Доброшка поплелся в шатер. Несмотря на тяжелые мысли и пережитое волнение (а быть может, благодаря ему), заснул он практически мгновенно. Только голова коснулась баула с вещами, заменявшего ему подушку, как он провалился в глубочайший сон.
Снился ему сидящий перед костром Илья. Воевода недобро смотрел на него и грозил пальцем. Потом снилась Белка, скачущая по изумрудному лугу на белой кобылице. Потом из туч выплыл грозный лик Перуна. Один глаз его грозно сиял, а другой был пуст. Древний бог хмурил серебряные брови и был удивительно похож на воеводу Илью. Доброшка хотел спросить громовержца о многом: откуда бывает молния, правда ли, что у него есть золотая колесница, правда ли, что древние боги боятся креста, и много еще что. Но Перун приложил к своим золотым усам палец: молчи-де – и простер над отроком свою могучую руку. Рука закрыла полнеба, опустилась Доброшке на плечо и принялась трясти. С небес громом прозвучал голос:
– Вставай, засоня, вставай, завтрак проспишь.
Доброшка проснулся. За плечо его тряс, конечно, не Перун, а вчерашний его знакомый Нежка.
Выбравшись из шатра, Доброшка увидел, что сквозь утренний туман уже пробивается яркое солнце, щебечут лесные птицы, воздух наполнен летними ароматами, и ничего в лагере не напоминает о вчерашней неприятности.
Сборы прошли обычным порядком, и после плотного завтрака отряд тронулся в путь. Местность изменилась. Дремучий лес остался позади. Перед отрядом простиралась холмистая равнина. Дорога шла через светлые перелески. Где-то там, в трех или четырех переходах, должна была быть река Днепр, по которой отряд на двух лодьях спустится до самого Киева.
Земли стали более обжитыми. Стали попадаться деревеньки. Проезжая, покупали у местных квас и пиво. Вечером можно было запить сытный ужин доброй чаркой. В лесу стол разнообразили дичиной. Для охоты Ян обычно отряжал двух-трех человек, и к вечеру на костре жарилась туша кабана или оленина, кусками нанизанная на прутья.

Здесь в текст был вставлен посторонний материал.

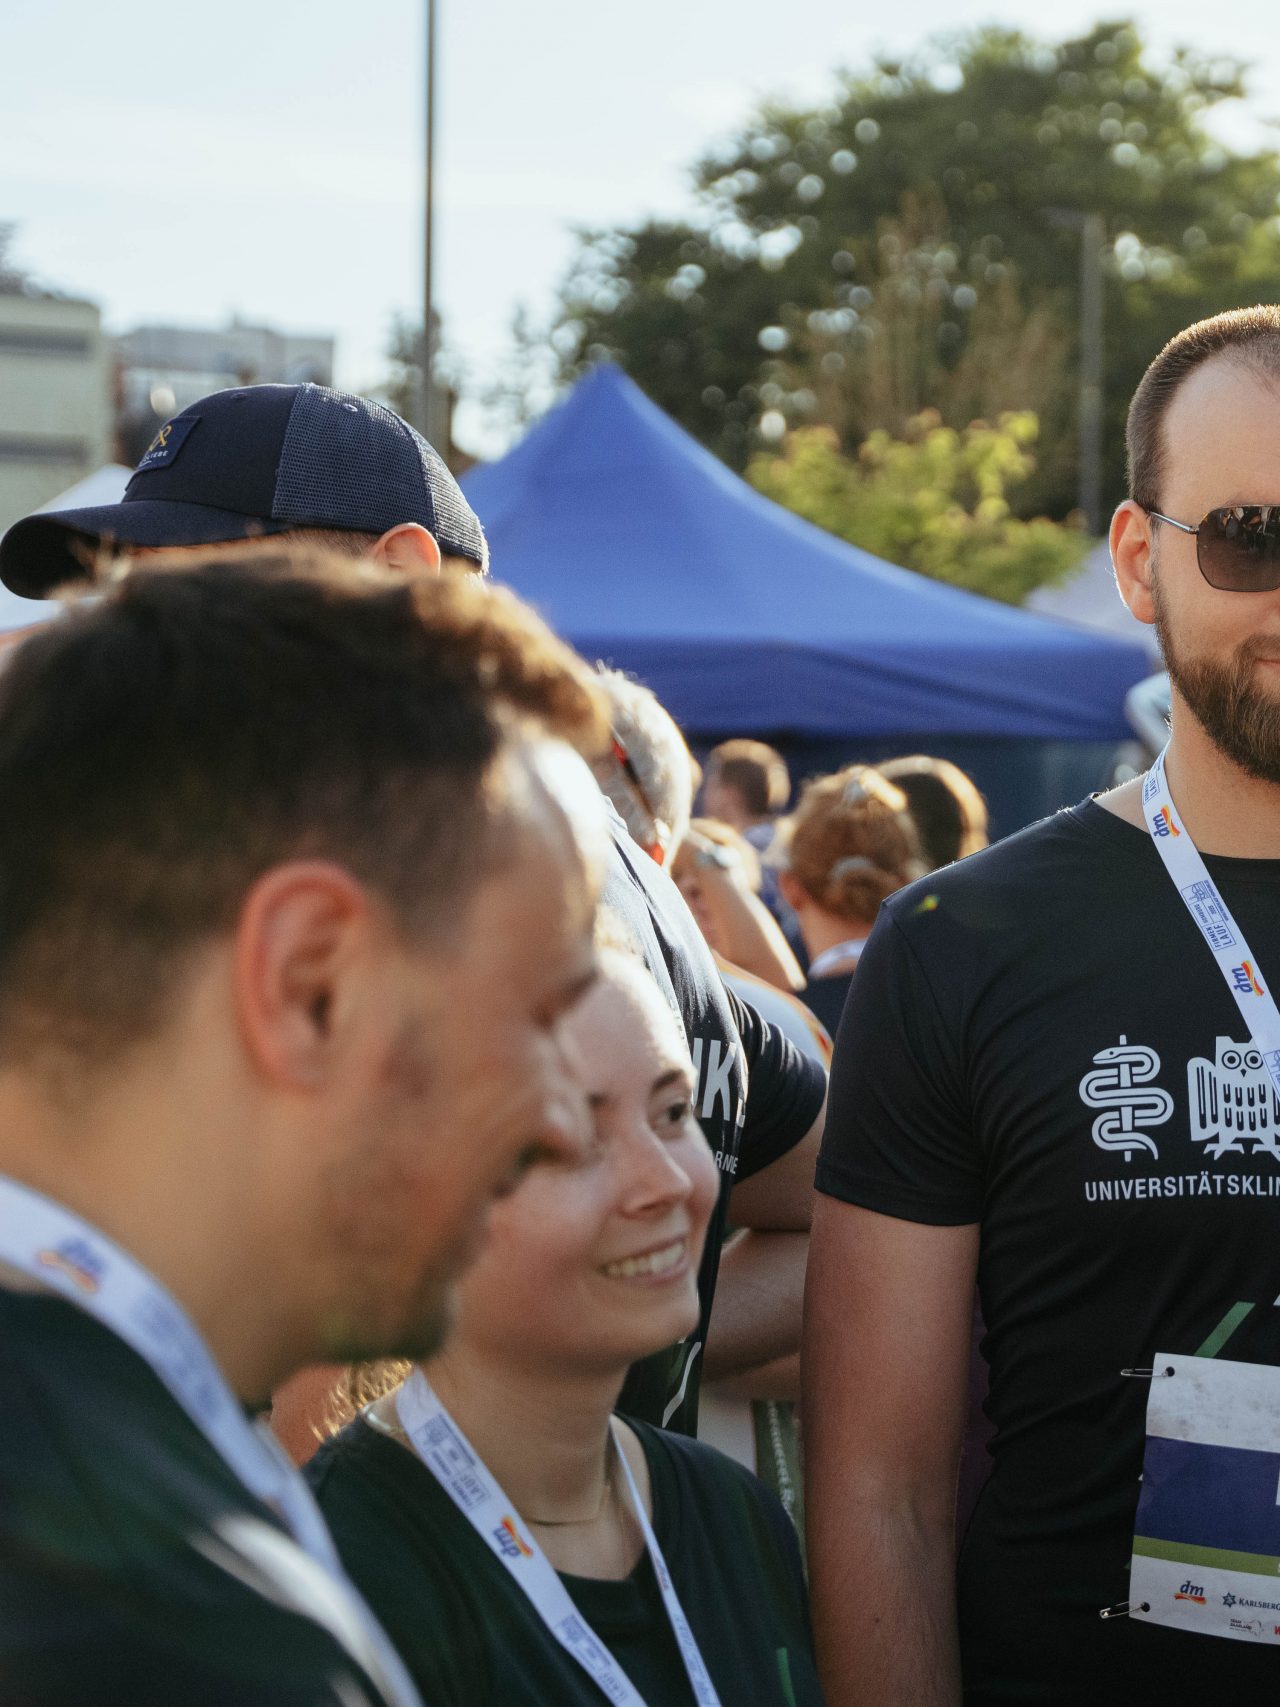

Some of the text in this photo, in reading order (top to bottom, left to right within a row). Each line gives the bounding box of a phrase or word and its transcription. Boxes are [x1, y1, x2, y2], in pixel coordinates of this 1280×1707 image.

Теперь такой вольности позволить было нельзя. На пути попадались боярские усадьбы, окруженные мощными частоколами и башнями. Некоторые из них были больше Колохолма и Летославля, вместе взятых. За незаконную охоту в боярских владениях можно было здорово поплатиться. Поэтому Ян разрешал охотиться только с луками на гусей и уток. Мясо приходилось покупать у местных, платя серебром или специально для этого припасенными беличьими шкурками.

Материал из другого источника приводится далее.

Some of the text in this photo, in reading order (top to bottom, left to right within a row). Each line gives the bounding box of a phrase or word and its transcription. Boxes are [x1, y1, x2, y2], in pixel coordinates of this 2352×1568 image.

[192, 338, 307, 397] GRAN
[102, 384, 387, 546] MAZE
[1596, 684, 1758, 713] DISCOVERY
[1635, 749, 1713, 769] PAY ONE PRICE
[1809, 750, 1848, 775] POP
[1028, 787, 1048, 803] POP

В малолюдном медвежьем углу, какими были берега Летоши, этого добра было навалом. Каждый мальчишка с детства умел добыть белку. Ближе к Днепру, куда иногда заглядывали иноземные торговые гости, этот товар ценили куда как выше. Купцы собирали шкурки и везли их в жаркие южные страны, где за них платили уже не серебром, а золотом. Доброшка ехал и думал, что было бы неплохо запасти в окрестностях родного Летославля белок и поехать торговать ими в дальние страны самому, не уступая барышей хитрым иноземцам. А в самом деле, что мешает?
Мыслете
Ворон возвращался от своей бабки в подавленном настроении. Впрочем, так было почти всегда. Ворон не любил эти визиты, но деваться было некуда. Существенной долей уважения, которое оказывали ему жители Китежа, он был обязан своей грозной бабке. Он воспитывала его, раннего сироту, в почти невозможном сочетании любви и ненависти. Под строгим наблюдением сухой костистой старухи он проводил дни, натирая руки и набивая шишки деревянным мечом на широком бабкином дворе. Когда ему стукнуло 10 лет, в Китеж зашел беглый монах, которого приютили в городе, хранившем старую веру, но в качестве оплаты заставили выучить юного княжича чтению и письму.